[Extracted data entries]
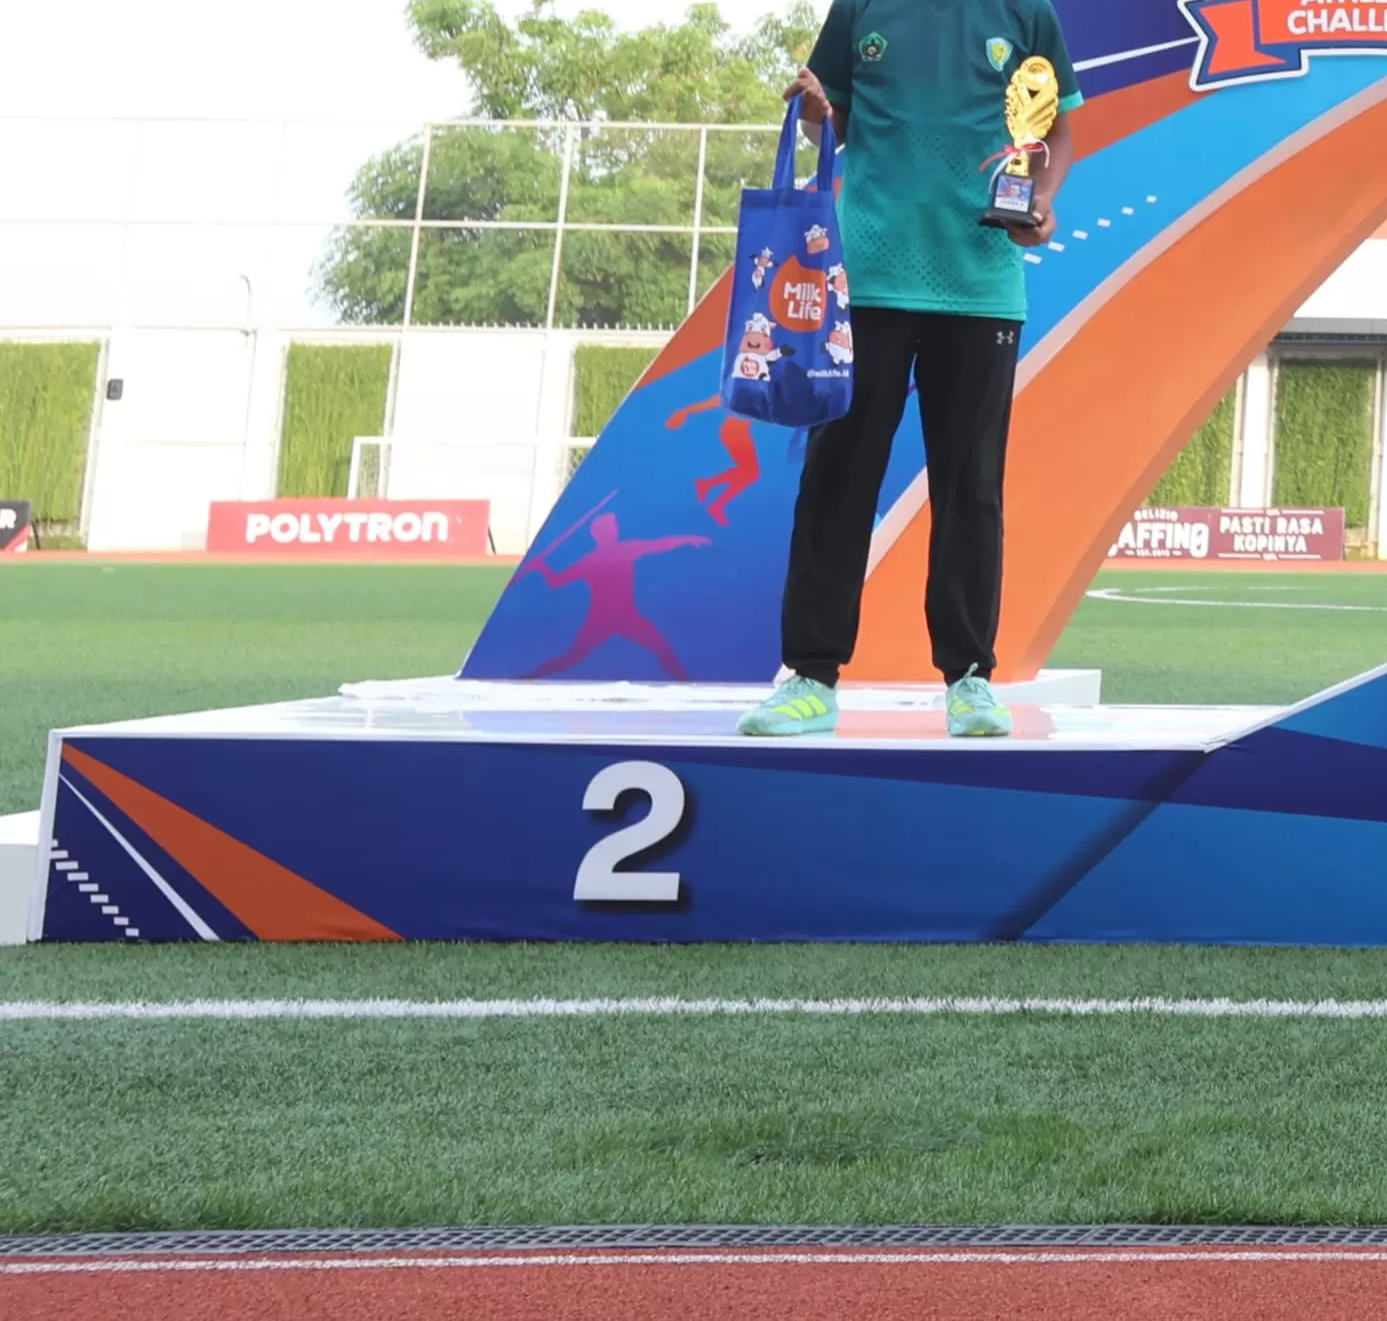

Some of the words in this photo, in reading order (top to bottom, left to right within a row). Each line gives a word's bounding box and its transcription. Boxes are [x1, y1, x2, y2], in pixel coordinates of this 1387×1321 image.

[783, 281, 822, 303] Milk
[787, 300, 822, 320] Life
[1219, 516, 1271, 535] PASTI
[1275, 517, 1325, 535] RASA
[1107, 522, 1210, 558] AFFINO
[1233, 535, 1308, 553] KOPINYA
[573, 760, 685, 901] 2
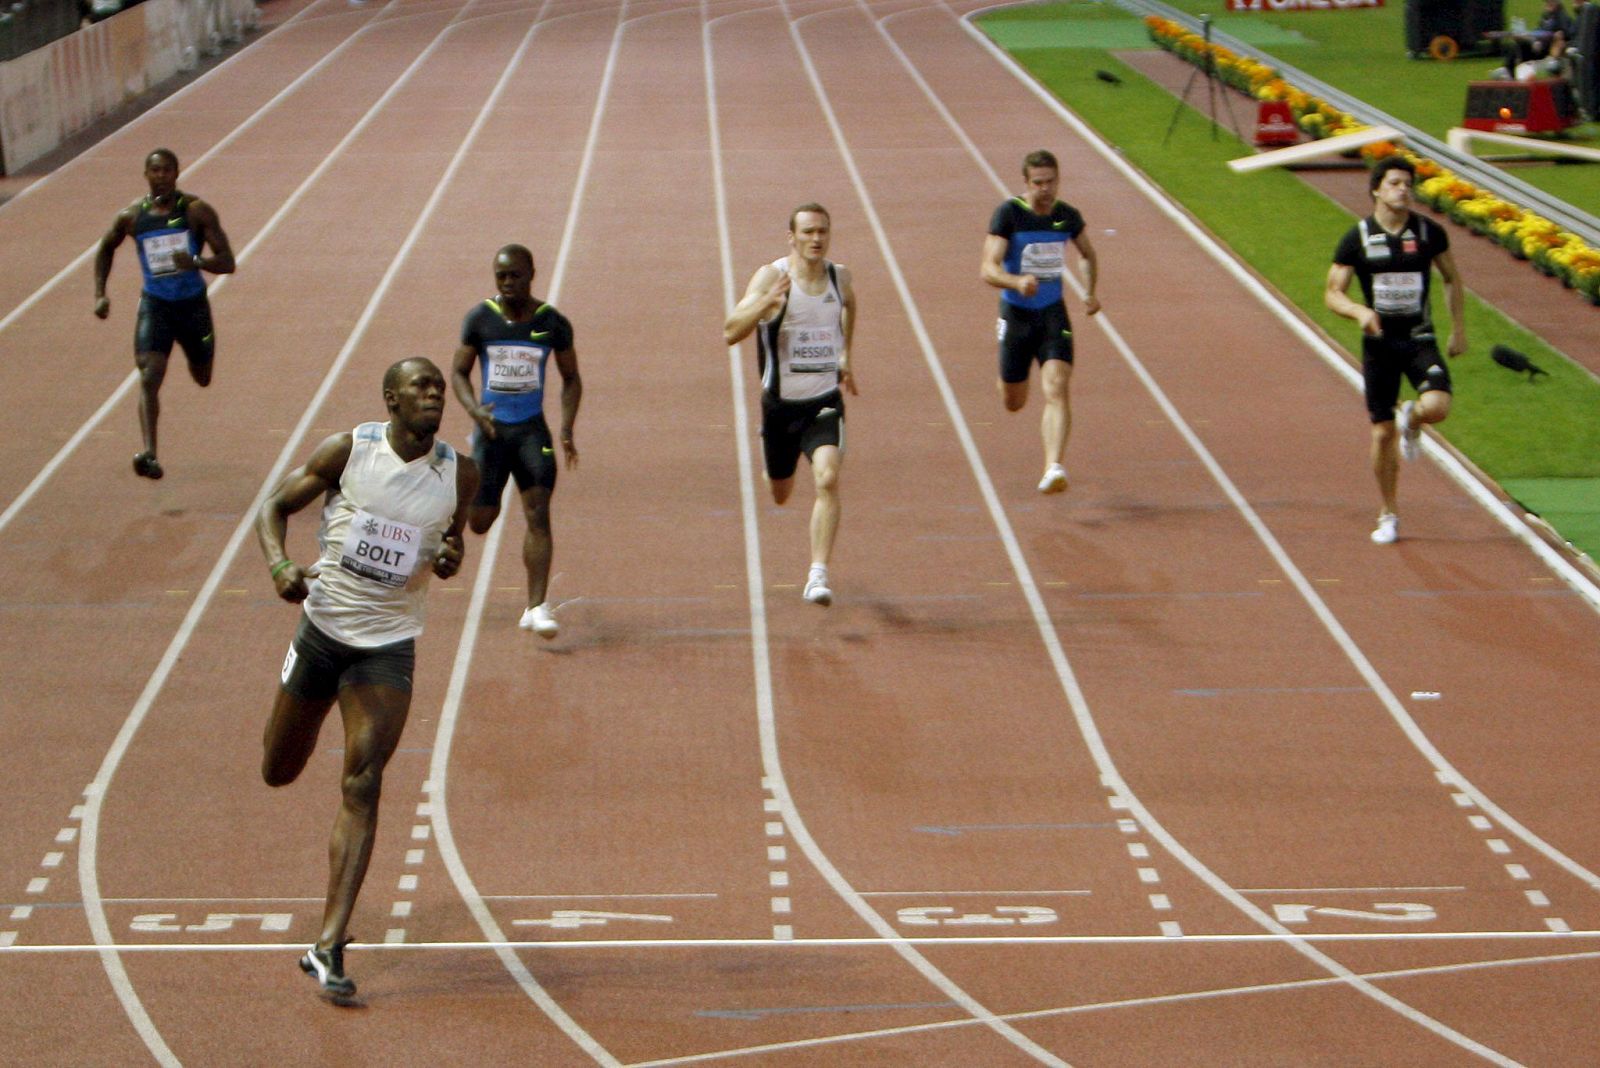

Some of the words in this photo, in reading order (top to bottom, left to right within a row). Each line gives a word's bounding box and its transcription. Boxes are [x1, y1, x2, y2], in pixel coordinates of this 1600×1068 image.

[381, 524, 412, 543] UBS
[356, 540, 405, 566] BOLT
[897, 906, 1058, 925] 3
[1272, 903, 1438, 922] 2
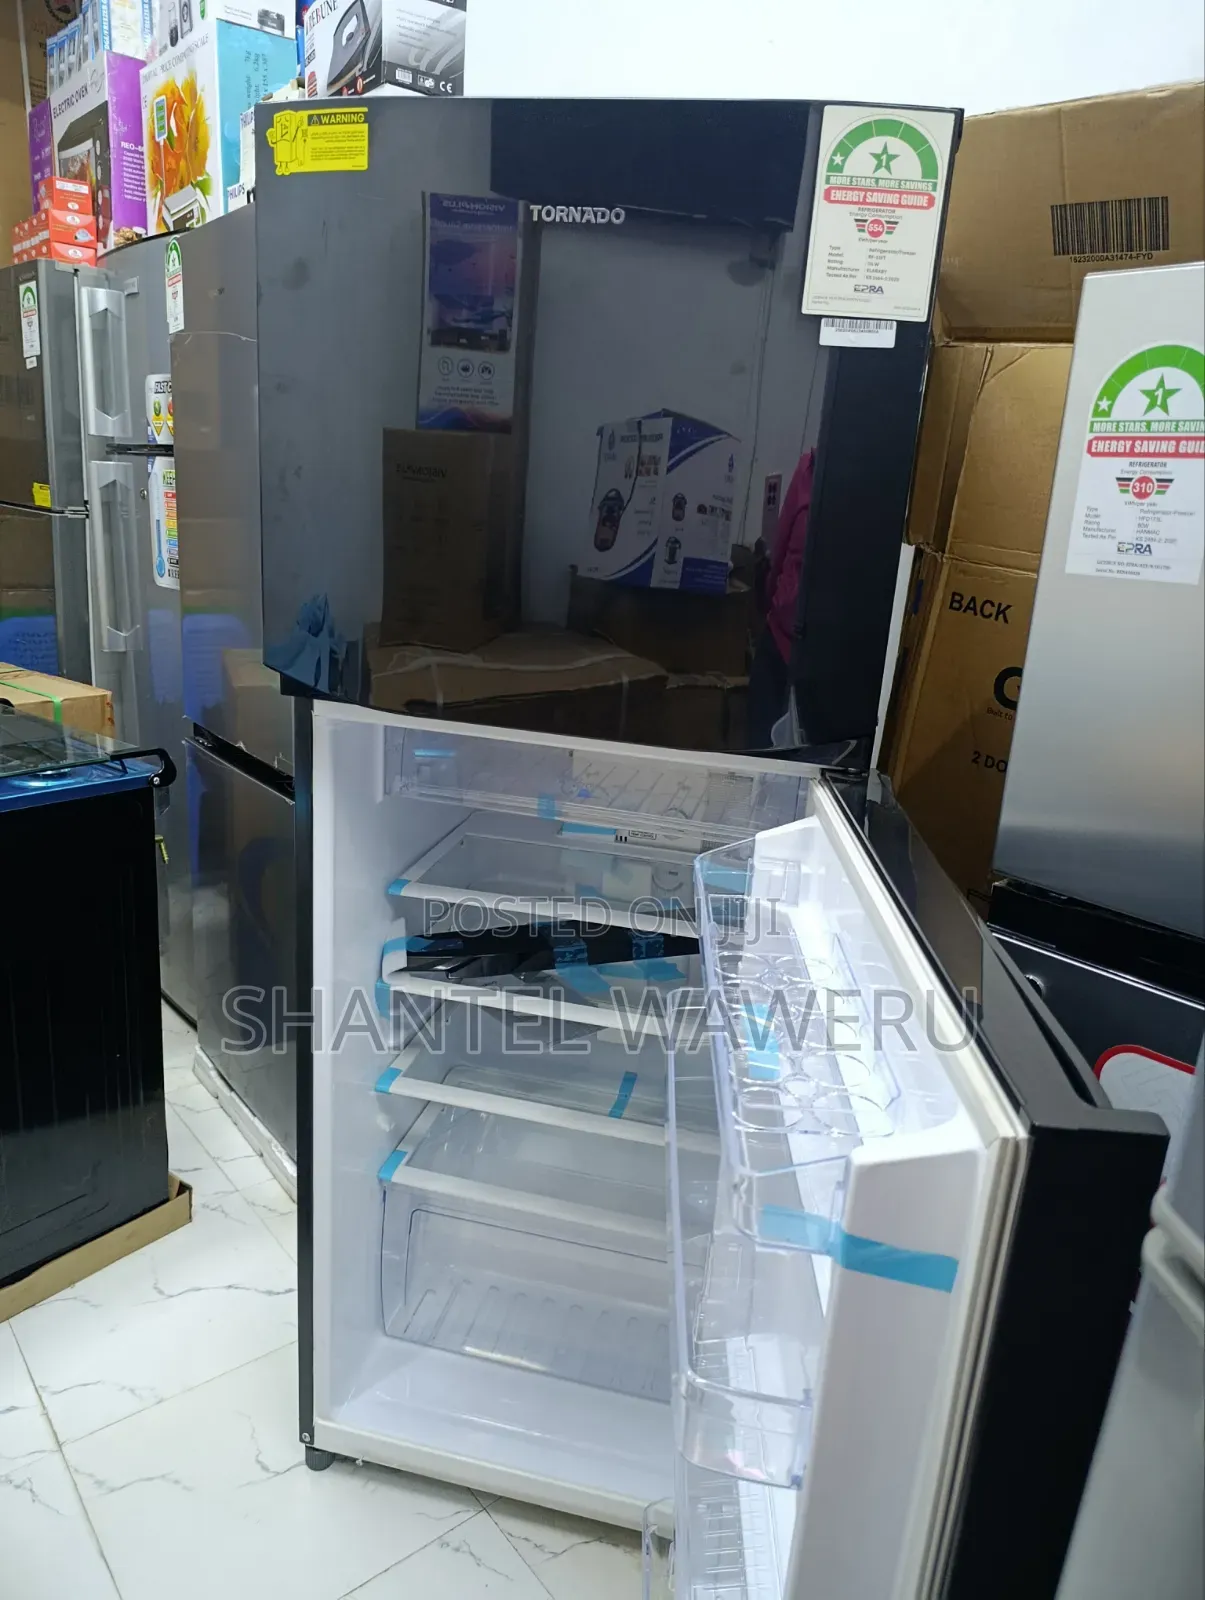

WHAT YOU SHOULD DO: With the pictures stripped out, return each record word for word.

SOLUTION:
Some of the words in this photo, in reading order (top to bottom, left to right within a row). Each line gives a word's bounding box and its transcription. Boxes are [x1, y1, x2, y2], in pixel coordinates of this 1387×1321 image.

[783, 281, 822, 303] Milk
[787, 300, 822, 320] Life
[1219, 516, 1271, 535] PASTI
[1275, 517, 1325, 535] RASA
[1107, 522, 1210, 558] AFFINO
[1233, 535, 1308, 553] KOPINYA
[573, 760, 685, 901] 2

Some of the words in this photo, in reading order (top to bottom, left to right within a row). Each line gives a word's bounding box and its transcription. Boxes are [x1, y1, x2, y2], in pixel coordinates of this 1600×1068 image.

[381, 524, 412, 543] UBS
[356, 540, 405, 566] BOLT
[897, 906, 1058, 925] 3
[1272, 903, 1438, 922] 2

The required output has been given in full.